* **Try it**
Without the pictures, set down everything in the listing exactly.
---
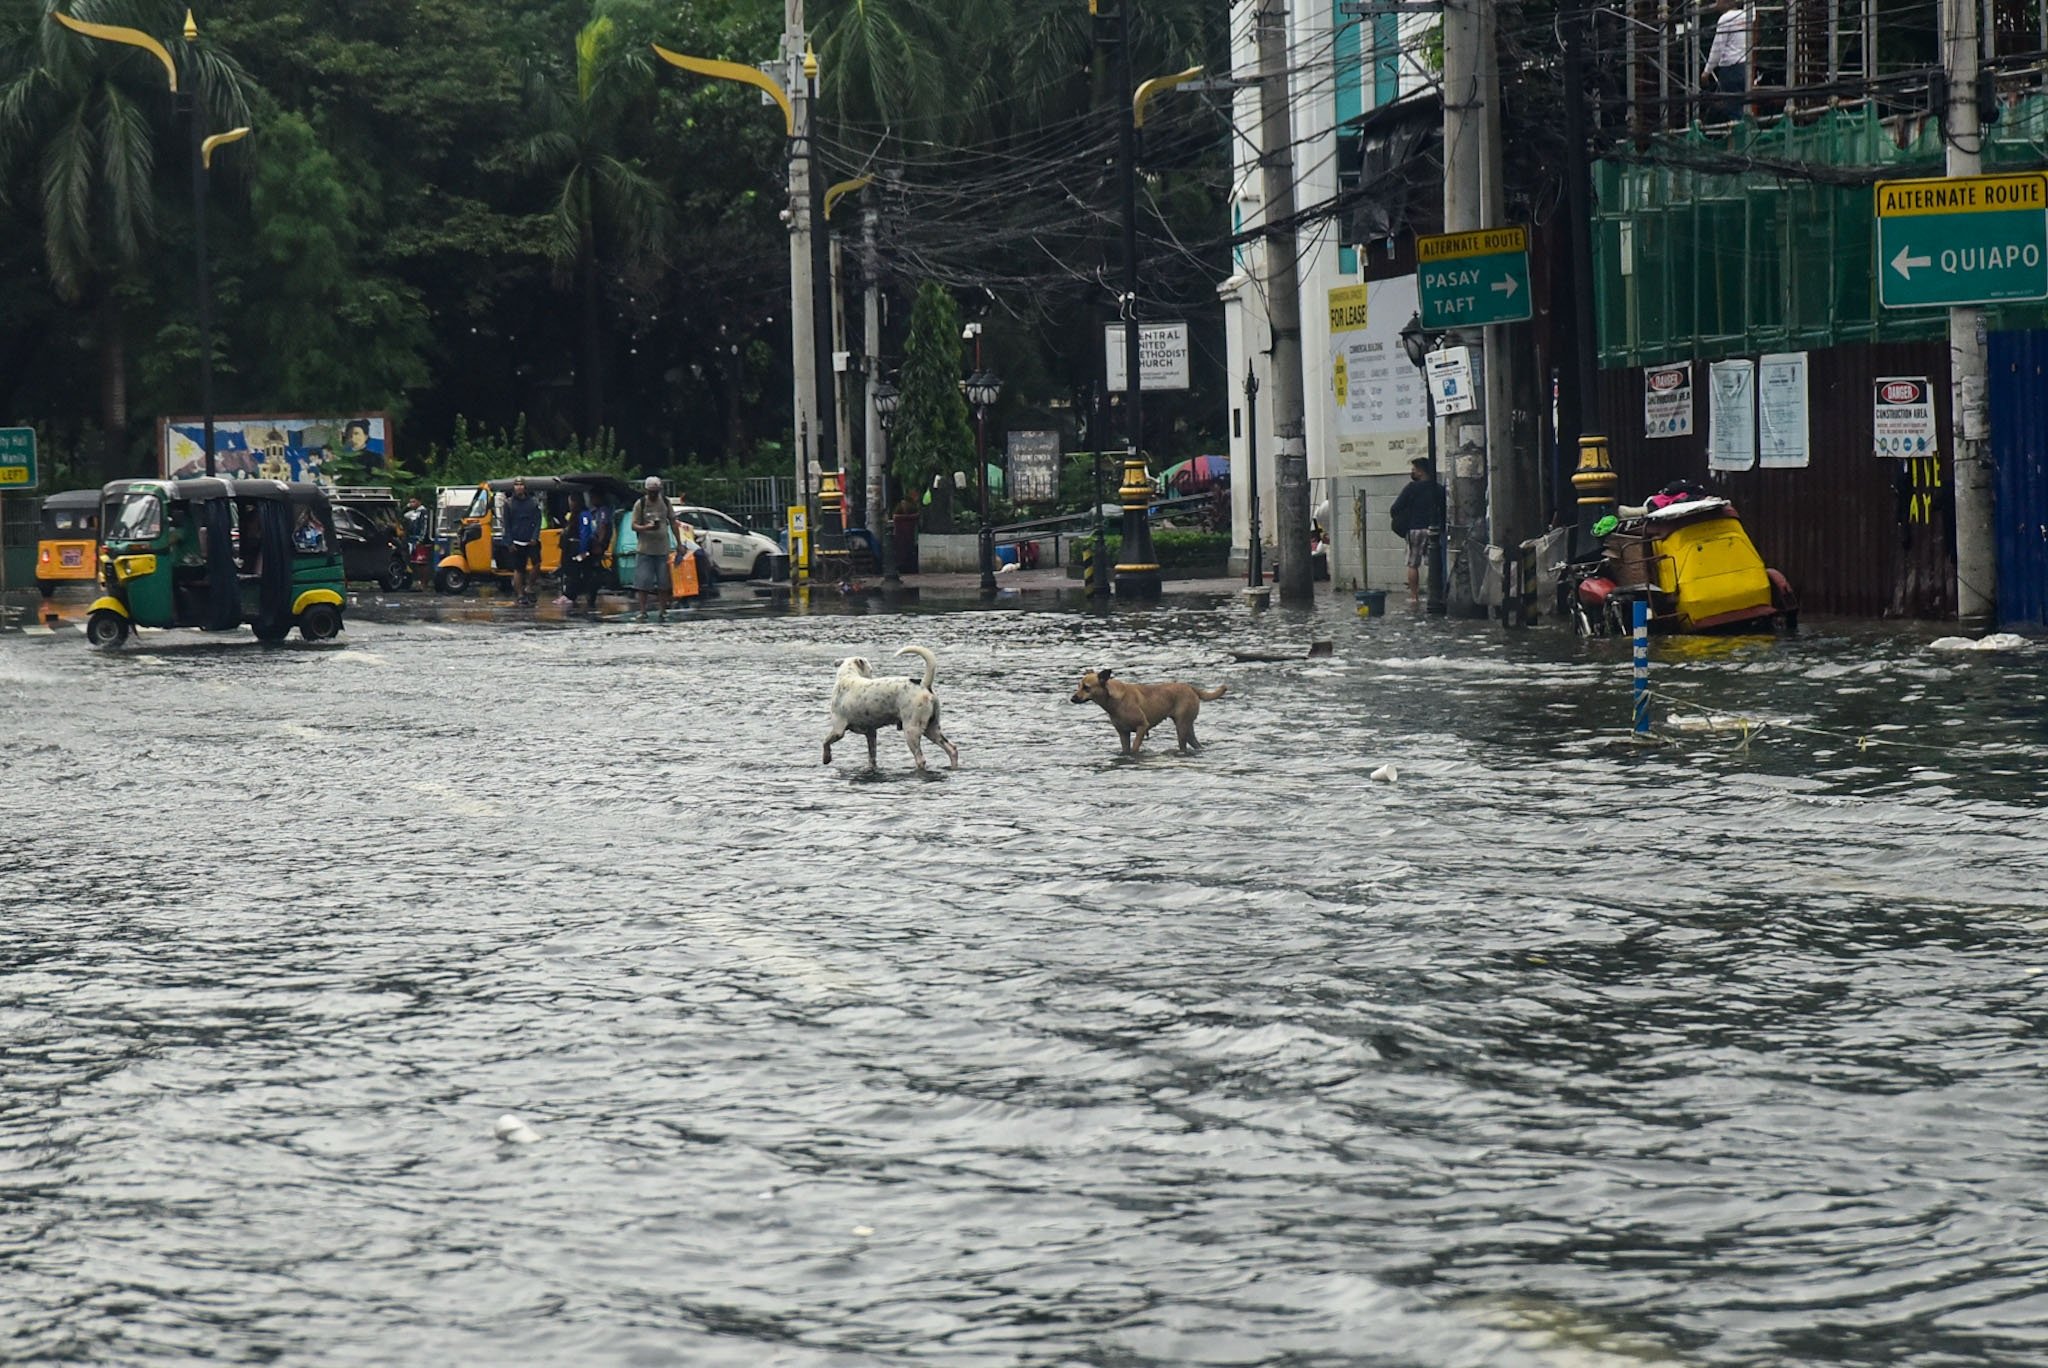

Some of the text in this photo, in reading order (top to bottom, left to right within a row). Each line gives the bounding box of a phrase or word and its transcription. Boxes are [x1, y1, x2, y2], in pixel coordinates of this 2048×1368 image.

[1886, 183, 2039, 211] ALTERNATE ROUTE
[1423, 231, 1521, 257] ALTERNATE ROUTE
[1940, 243, 2040, 274] QUIAPO
[1425, 269, 1480, 289] PASAY
[1434, 296, 1476, 315] TAFT
[1331, 304, 1366, 327] FOR LEASE
[1139, 330, 1181, 341] ENTRAL
[1139, 341, 1166, 349] NITED
[1139, 349, 1186, 359] ETHODIST
[1139, 359, 1173, 368] HURCH
[1887, 385, 1913, 400] DANGER
[1876, 407, 1928, 419] CONSTRUCTION AREA
---
* **Solution for this exercise**
Some of the text in this photo, in reading order (top to bottom, left to right within a row). Each line gives the bounding box of a phrase or word and its transcription. Boxes are [x1, y1, x2, y2], in pixel coordinates of this 2048×1368 image.

[1886, 183, 2039, 211] ALTERNATE ROUTE
[1423, 231, 1521, 257] ALTERNATE ROUTE
[1940, 243, 2040, 274] QUIAPO
[1425, 269, 1480, 289] PASAY
[1434, 296, 1476, 315] TAFT
[1331, 304, 1366, 327] FOR LEASE
[1139, 330, 1181, 341] ENTRAL
[1139, 341, 1166, 349] NITED
[1139, 349, 1186, 359] ETHODIST
[1139, 359, 1173, 368] HURCH
[1887, 385, 1913, 400] DANGER
[1876, 407, 1928, 419] CONSTRUCTION AREA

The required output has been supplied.